Marcel Winatschek

Finally

It’s been a quarter-century and DiCaprio and Pitt finally end up in the same movie. Tarantino puts them together in Once Upon a Time in Hollywood, set in 1969 Los Angeles—the exact moment when the old studio system starts its final collapse. Everything beautiful is dying. TV is eating cinema. The old guard is fading. DiCaprio plays Rick Dalton, a television star watching his relevance evaporate. Pitt is his stunt double, Cliff Booth. There’s an enormous ensemble supporting them—Margot Robbie, Al Pacino, Kurt Russell, Timothy Olyphant, Margaret Qualley—all moving through this specific, doomed landscape with absolute precision.

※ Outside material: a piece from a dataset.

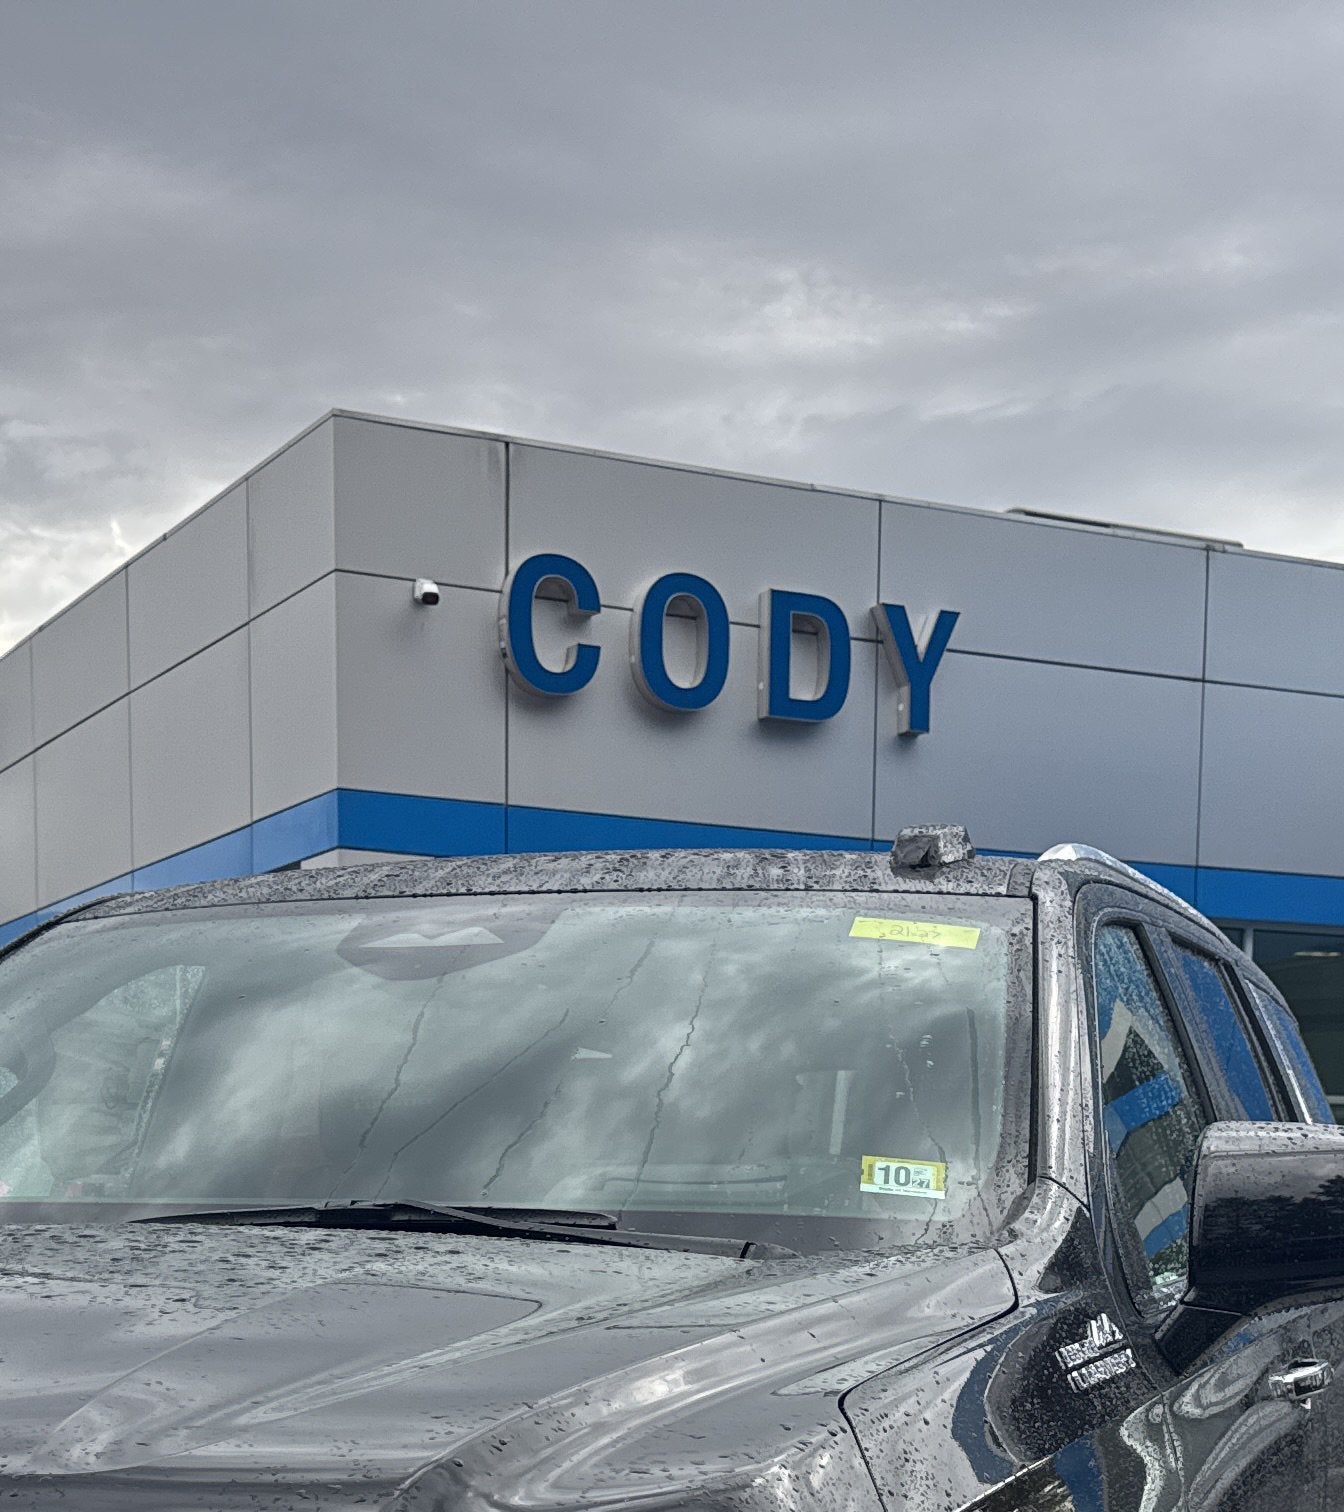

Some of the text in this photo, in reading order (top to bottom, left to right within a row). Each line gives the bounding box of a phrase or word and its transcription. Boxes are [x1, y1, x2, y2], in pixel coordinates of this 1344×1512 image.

[499, 553, 961, 737] CODY
[877, 1164, 911, 1187] 10
[912, 1178, 931, 1189] 27

It’s Tarantino’s ninth film, and something’s shifted in him. The last few weren’t what Pulp Fiction or Jackie Brown were, but this one feels different—less interested in plot mechanics, more interested in period texture, in dialogue that sits with you, in the way a specific moment in time can contain the feeling of an entire era ending. The cinematography is immaculate. Every detail means something.

What gets me is that Tarantino’s not really interested in spectacle here. He’s interested in obsolescence. Rick Dalton is a man realizing that he’s becoming irrelevant, which is a fear every artist carries but almost never admits. You can be skilled, talented, necessary, and still feel the moment when the world decides it’s done with you. When the temperature shifts and you’re no longer setting it. That’s the story.

DiCaprio and Pitt carry something of that weight themselves now. They’re not young anymore. These are guys who spent decades as the most desired actors in the world, and now they’re playing men in a world that’s moving past them. The irony isn’t accidental. Tarantino understands what it means to make art about the moment you start to feel your own obsolescence.

The film comes out in August. I’ll watch it. The real question isn’t whether it works—the real question is what Tarantino is actually trying to confess here, hidden inside a period piece about 1969. That’s where the meat is.